Il a rappelé, dans ce contexte, le lancement de plusieurs chantiers, basés sur les TIC et l’innovation, pour parvenir à une maîtrise définitive de cette problématique. Les deux dernières années, souligne le ministre, ont été très fructueuses dans ce domaine puisqu’il a été procédé à la mise en place d’un nouveau cadre réglementaire unifié de la gouvernance de la sécurité routière, en adéquation avec les normes mondiales.
La Délégation interministérielle de sécurité routière sera, selon lui, le point central pour la concrétisation de cette nouvelle stratégie, qui rassemblera l’approche pédagogique à l’approche dissuasive dans une perspective préventive dans le but d’assurer la sécurité des personnes et des biens. Les deux approches seront soutenues par une infrastructure de base technologique moderne.
Toujours à propos de cette délégation, le Directeur général du CNPSR, M. Naït El Hocine, a signalé que le texte érigeant cette délégation a été finalisé et sera prochainement soumis au Secrétariat général du gouvernement.
«La délégation sera d’abord mise en place afin de fournir toutes les informations et la matière sur la sécurité routière au comité intersectoriel, qui sera mis en place juste après cet organisme.

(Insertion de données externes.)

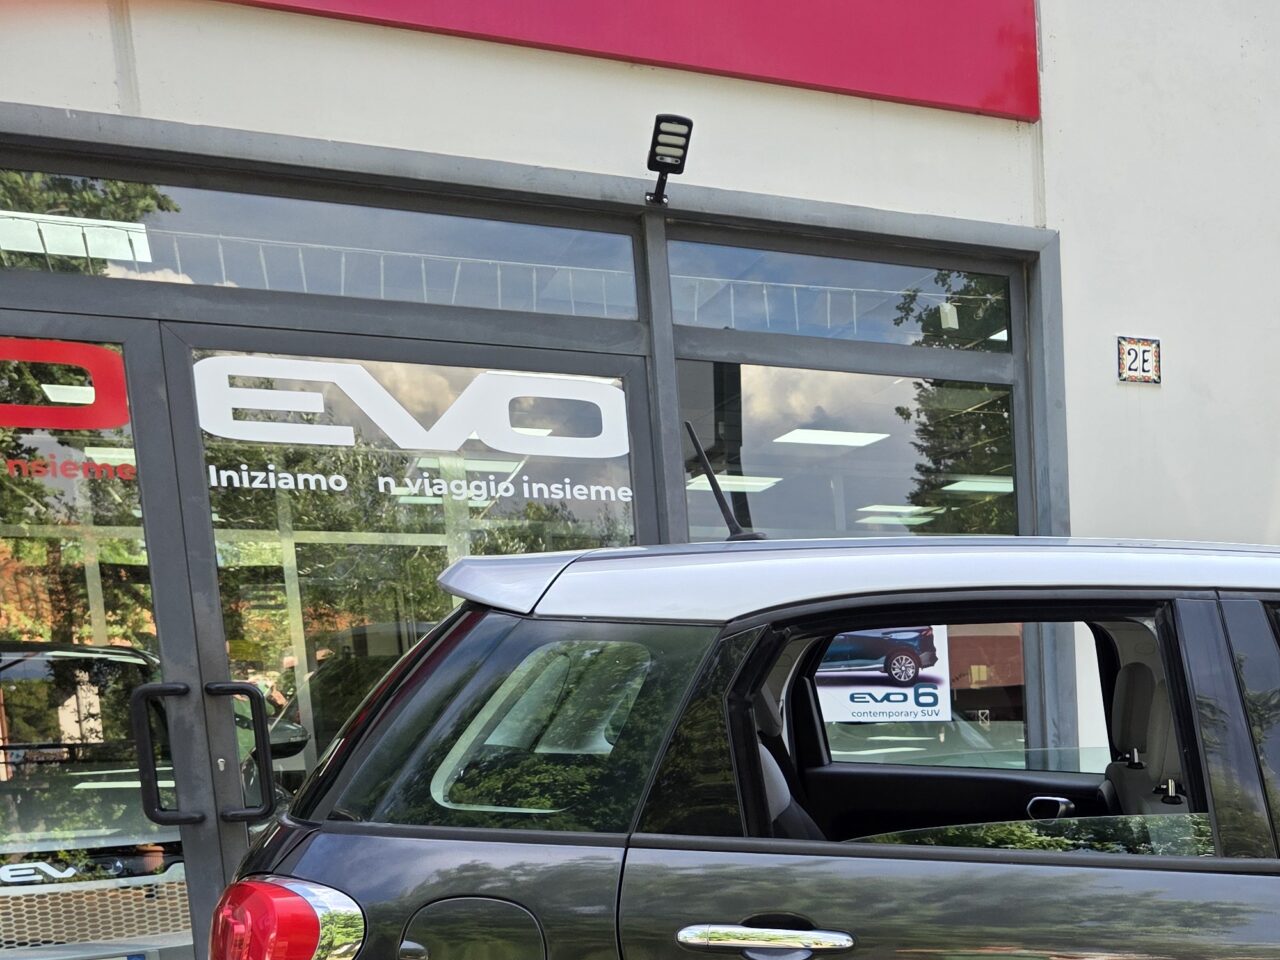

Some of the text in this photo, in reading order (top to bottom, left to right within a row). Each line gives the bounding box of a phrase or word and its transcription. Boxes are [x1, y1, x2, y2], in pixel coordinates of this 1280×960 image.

Le comité tracera les orientations stratégiques en fonction des informations fournies par la délégation que cette dernière sera chargée d’appliquer sur le terrain», a-t-il expliqué. Les accidents de la route, par ailleurs, étant une charge très lourde au budget de l’Etat, les pouvoirs publics ont pensé à d’autres modes de financement de la sécurité routière et qui seront mis en œuvre à travers notamment la loi des Finances 2018. Le ministre a fait savoir que la LF 2018 prévoit le financement en partie de la délégation interministérielle à travers des recettes des contraventions de la circulation et des taxes assignées à la circulation des biens. Le directeur de la coopération avec l’UE au ministère des Affaires étrangères, Ali Mokrani, tout en soulignant l’importance du jumelage comme instrument d’accompagnement, a appelé à les renforcer pour valoriser les compétences nationales. Ce type d’instrument, a-t-il assuré, a été fortement salué par le conseil d’association UE-Algérie qui prévoit, mercredi prochain, une réunion de suivi de la mise en œuvre des accords de l’association.
L’ambassadeur d’Espagne en Algérie, S.E.M Santiago Cabanas Ansorena, a appelé également à l’intensification des jumelages, surtout dans le secteur de la sécurité routière où l’Espagne est considérée comme leadeur au niveau européen. Notons qu’une quinzaine de projets de jumelages seront lancés prochainement dont celui relatif à la sécurité routière de l’Autoroute Est-Ouest.